### Exercise details:
Retype the listing that follows, exactly as written.

+ + + + +

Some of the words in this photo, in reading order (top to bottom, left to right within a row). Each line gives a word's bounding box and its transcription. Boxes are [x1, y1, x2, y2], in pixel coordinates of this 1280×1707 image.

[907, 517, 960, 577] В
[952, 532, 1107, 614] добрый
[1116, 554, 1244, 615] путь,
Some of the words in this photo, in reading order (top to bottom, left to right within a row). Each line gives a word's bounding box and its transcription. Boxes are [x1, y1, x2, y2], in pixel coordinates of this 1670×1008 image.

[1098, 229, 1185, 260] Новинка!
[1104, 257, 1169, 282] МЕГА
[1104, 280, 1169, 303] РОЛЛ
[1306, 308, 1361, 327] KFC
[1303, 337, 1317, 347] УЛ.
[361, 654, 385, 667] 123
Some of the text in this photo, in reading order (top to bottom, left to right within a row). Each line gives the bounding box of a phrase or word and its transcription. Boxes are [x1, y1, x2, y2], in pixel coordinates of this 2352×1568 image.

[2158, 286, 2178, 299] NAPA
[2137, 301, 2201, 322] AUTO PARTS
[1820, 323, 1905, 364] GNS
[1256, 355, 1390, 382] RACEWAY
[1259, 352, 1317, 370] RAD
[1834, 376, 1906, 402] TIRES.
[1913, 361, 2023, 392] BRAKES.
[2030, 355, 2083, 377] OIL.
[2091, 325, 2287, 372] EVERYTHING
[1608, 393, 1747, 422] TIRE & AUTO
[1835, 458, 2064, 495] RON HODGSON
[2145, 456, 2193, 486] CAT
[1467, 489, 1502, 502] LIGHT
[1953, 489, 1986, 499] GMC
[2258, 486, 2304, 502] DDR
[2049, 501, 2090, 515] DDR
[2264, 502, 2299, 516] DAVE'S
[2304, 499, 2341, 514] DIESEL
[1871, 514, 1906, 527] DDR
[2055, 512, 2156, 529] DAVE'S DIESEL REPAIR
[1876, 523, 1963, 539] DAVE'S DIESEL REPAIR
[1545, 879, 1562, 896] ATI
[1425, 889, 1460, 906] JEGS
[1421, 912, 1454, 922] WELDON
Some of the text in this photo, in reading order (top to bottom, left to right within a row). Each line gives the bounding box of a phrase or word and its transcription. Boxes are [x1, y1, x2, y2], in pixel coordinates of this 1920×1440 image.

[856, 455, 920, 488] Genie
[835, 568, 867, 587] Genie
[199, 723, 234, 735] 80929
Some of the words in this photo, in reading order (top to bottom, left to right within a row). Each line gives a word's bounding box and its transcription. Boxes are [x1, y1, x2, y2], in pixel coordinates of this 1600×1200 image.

+ + + + +

### Solution for this exercise:
Some of the words in this photo, in reading order (top to bottom, left to right within a row). Each line gives a word's bounding box and its transcription. Boxes are [x1, y1, x2, y2], in pixel coordinates of this 1280×1707 image.

[907, 517, 960, 577] В
[952, 532, 1107, 614] добрый
[1116, 554, 1244, 615] путь,
Some of the words in this photo, in reading order (top to bottom, left to right within a row). Each line gives a word's bounding box and its transcription. Boxes are [x1, y1, x2, y2], in pixel coordinates of this 1670×1008 image.

[1098, 229, 1185, 260] Новинка!
[1104, 257, 1169, 282] МЕГА
[1104, 280, 1169, 303] РОЛЛ
[1306, 308, 1361, 327] KFC
[1303, 337, 1317, 347] УЛ.
[361, 654, 385, 667] 123
Some of the text in this photo, in reading order (top to bottom, left to right within a row). Each line gives the bounding box of a phrase or word and its transcription. Boxes are [x1, y1, x2, y2], in pixel coordinates of this 2352×1568 image.

[2158, 286, 2178, 299] NAPA
[2137, 301, 2201, 322] AUTO PARTS
[1820, 323, 1905, 364] GNS
[1256, 355, 1390, 382] RACEWAY
[1259, 352, 1317, 370] RAD
[1834, 376, 1906, 402] TIRES.
[1913, 361, 2023, 392] BRAKES.
[2030, 355, 2083, 377] OIL.
[2091, 325, 2287, 372] EVERYTHING
[1608, 393, 1747, 422] TIRE & AUTO
[1835, 458, 2064, 495] RON HODGSON
[2145, 456, 2193, 486] CAT
[1467, 489, 1502, 502] LIGHT
[1953, 489, 1986, 499] GMC
[2258, 486, 2304, 502] DDR
[2049, 501, 2090, 515] DDR
[2264, 502, 2299, 516] DAVE'S
[2304, 499, 2341, 514] DIESEL
[1871, 514, 1906, 527] DDR
[2055, 512, 2156, 529] DAVE'S DIESEL REPAIR
[1876, 523, 1963, 539] DAVE'S DIESEL REPAIR
[1545, 879, 1562, 896] ATI
[1425, 889, 1460, 906] JEGS
[1421, 912, 1454, 922] WELDON
Some of the text in this photo, in reading order (top to bottom, left to right within a row). Each line gives the bounding box of a phrase or word and its transcription. Boxes are [x1, y1, x2, y2], in pixel coordinates of this 1920×1440 image.

[856, 455, 920, 488] Genie
[835, 568, 867, 587] Genie
[199, 723, 234, 735] 80929
Some of the words in this photo, in reading order (top to bottom, left to right within a row). Each line gives a word's bounding box and its transcription. Boxes are [x1, y1, x2, y2], in pixel coordinates of this 1600×1200 image.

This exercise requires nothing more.